Extended Data Fig. 6: Cryogenic FIB-SIMS of E. coli ∆tolC exposed to 250 µM PFNA show intra-cellular accumulation of PFAS compared to the DMSO control.

During cryogenic FIB-SIMS imaging, the vitrified sample is scanned by a Gallium focused ion beam (FIB) and time-of-flight secondary electron mass spectrometry (ToF-SIMS) is performed on the secondary ions created by the interaction of ion beam and sample at each scanning position. Thus, the chemical composition of the sample can be visualised pixel-by-pixel. a-c. E. coli ∆tolC exposed to 250 µM PFNA. d-f.
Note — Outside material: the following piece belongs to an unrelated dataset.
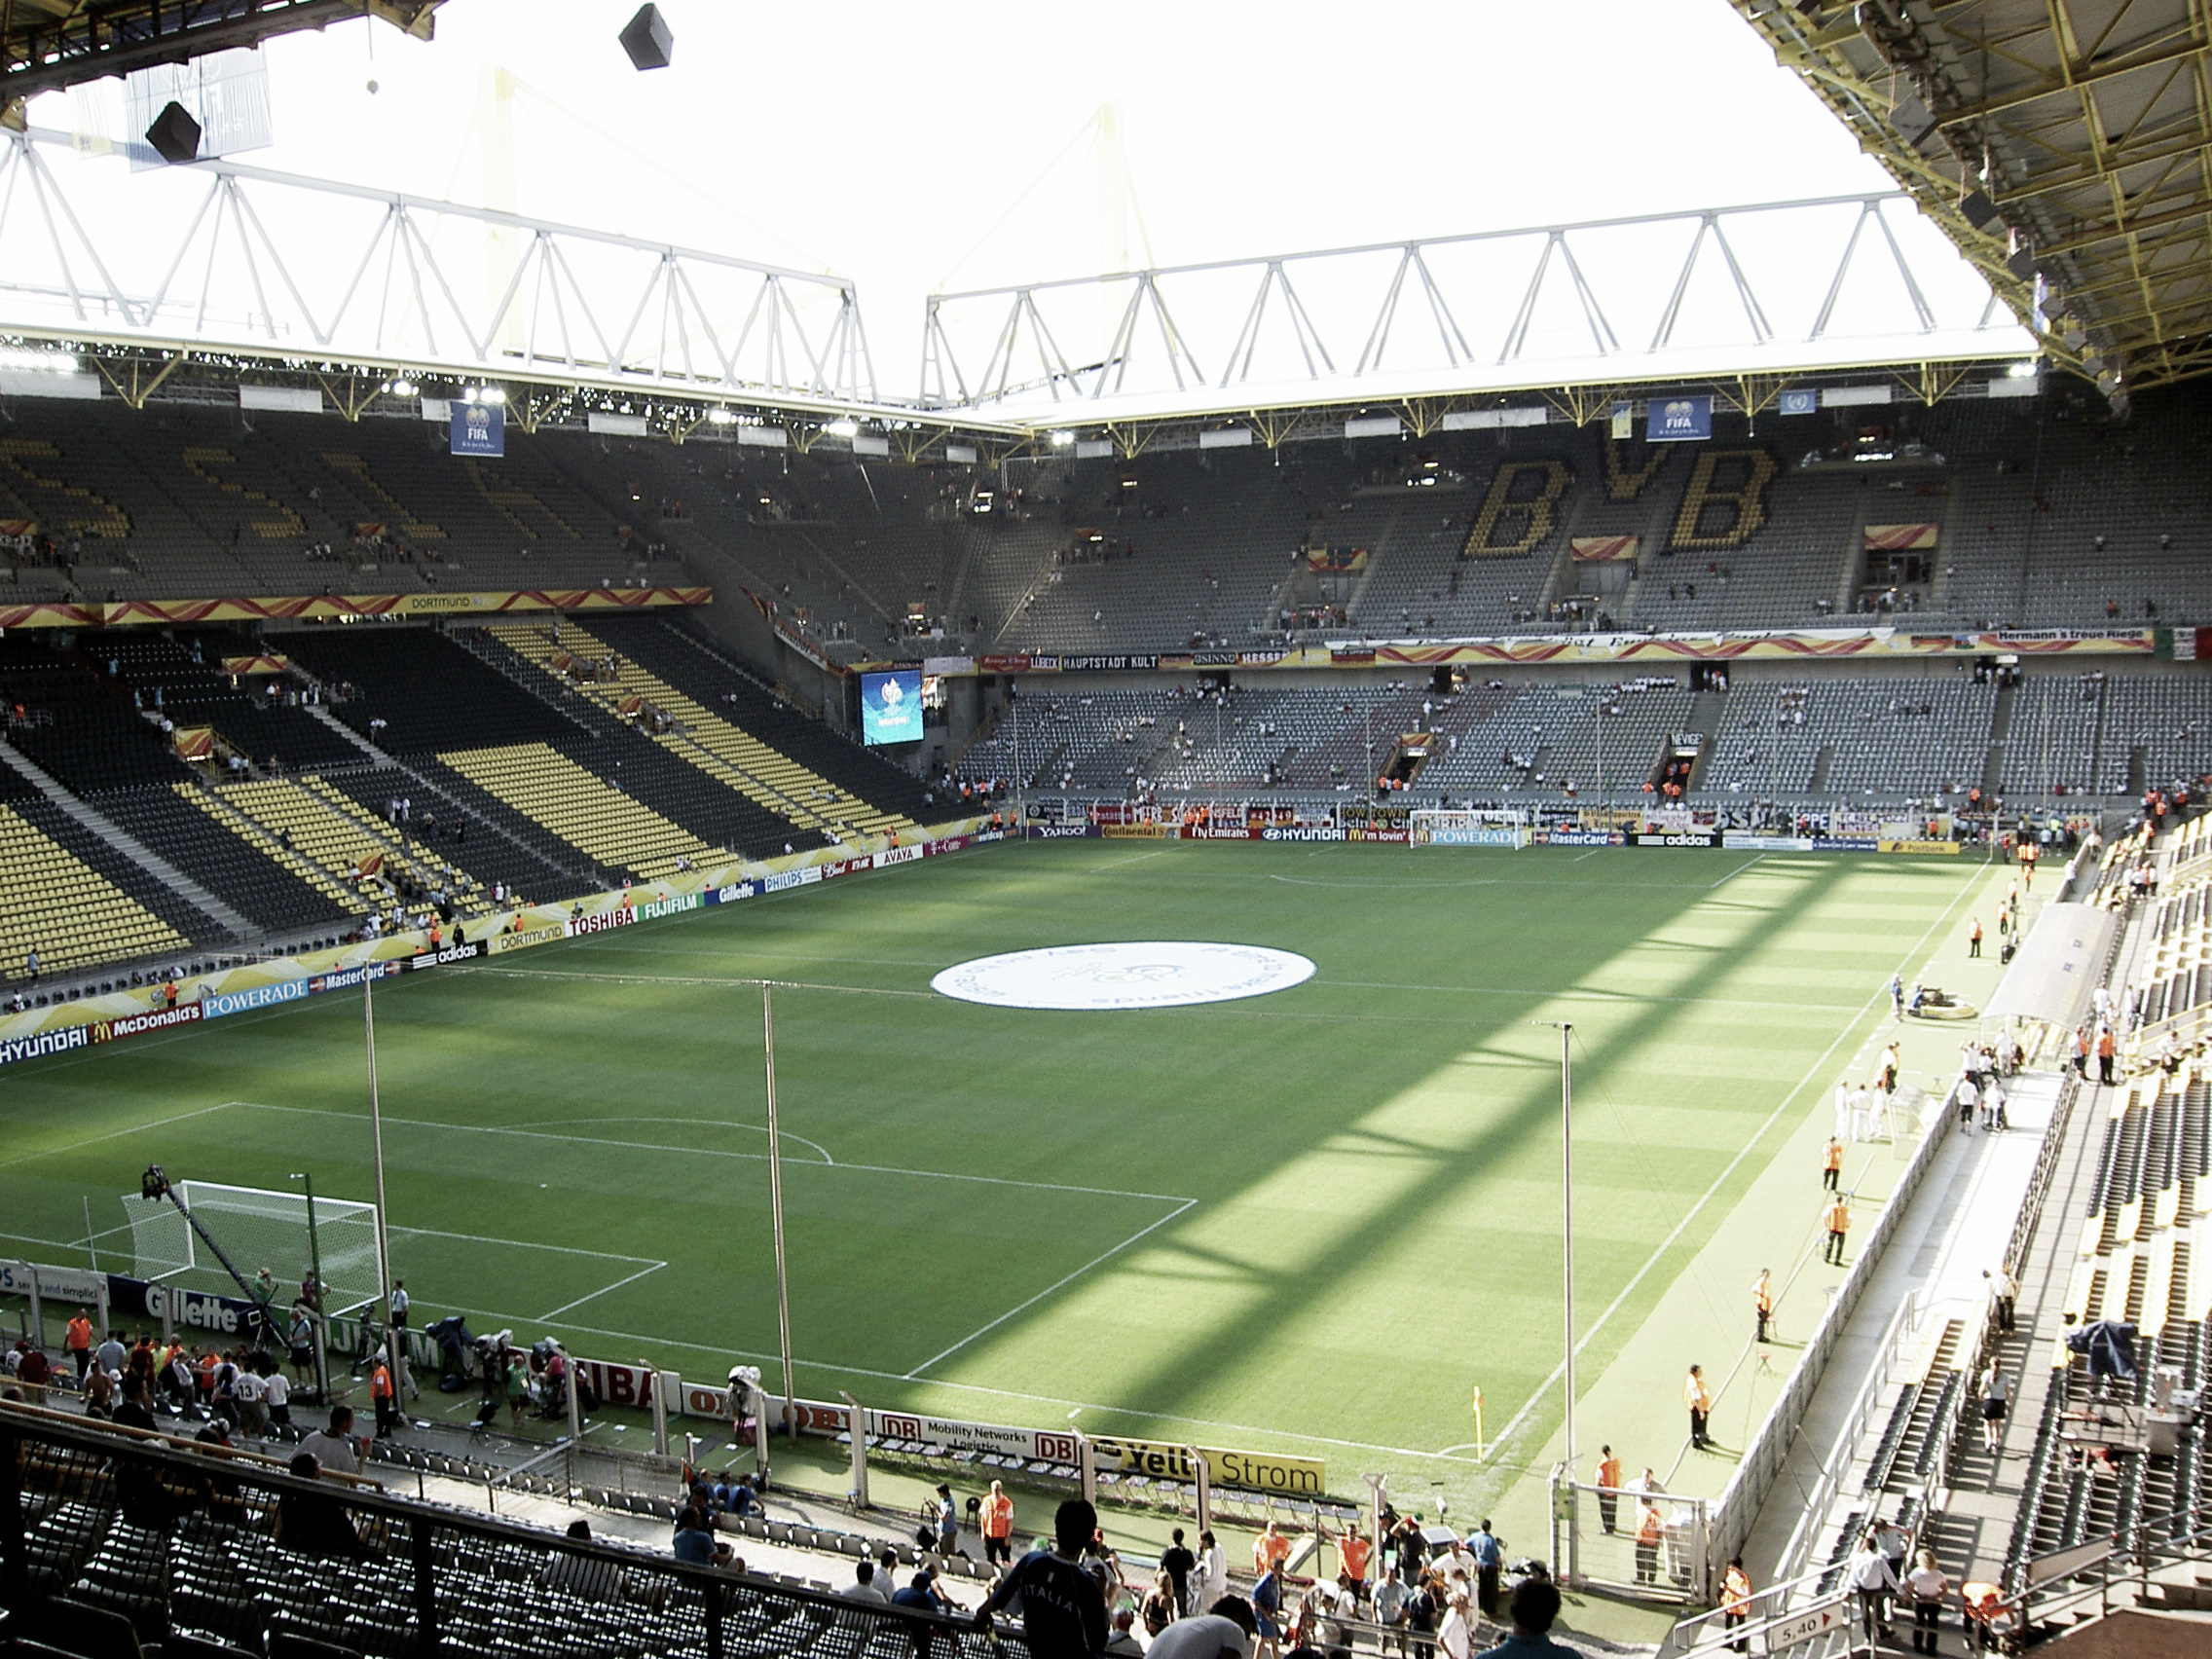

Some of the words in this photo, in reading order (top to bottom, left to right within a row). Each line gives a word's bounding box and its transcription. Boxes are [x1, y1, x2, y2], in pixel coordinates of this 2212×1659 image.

E. coli ∆tolC exposed to DMSO control. For both cases, a spatial image of a cell resulting from the secondary electrons created during FIB imaging is shown on the left (a,d). Please note that because the specimens were frozen on a holey cryo-EM grid, round holes in the film are additionally observed, in addition to the elongated cells. On the right (b,c,e,f), ToF-SIMS images of the same cell are shown for mass-to-charge ratios 19 and 63, corresponding to F⁻ and PO₂⁻, respectively. The colour bars indicate ion count, that is, regions shown in red are those where the most ions of the particular species were detected. F⁻ signal indicates the presence of PFNA, PO₂⁻ was chosen as a comparison as it occurs in most bacterial cells and hence is a reliable marker for cells in negative SIMS imaging mode. In E. coli ∆tolC cells exposed to PFNA, a strong F⁻ signal is observed within the cell (b), which is not the case for the DMSO treated cells (e), in which a faint background signal can only be observed when adjusting the colour scale by several orders of magnitude.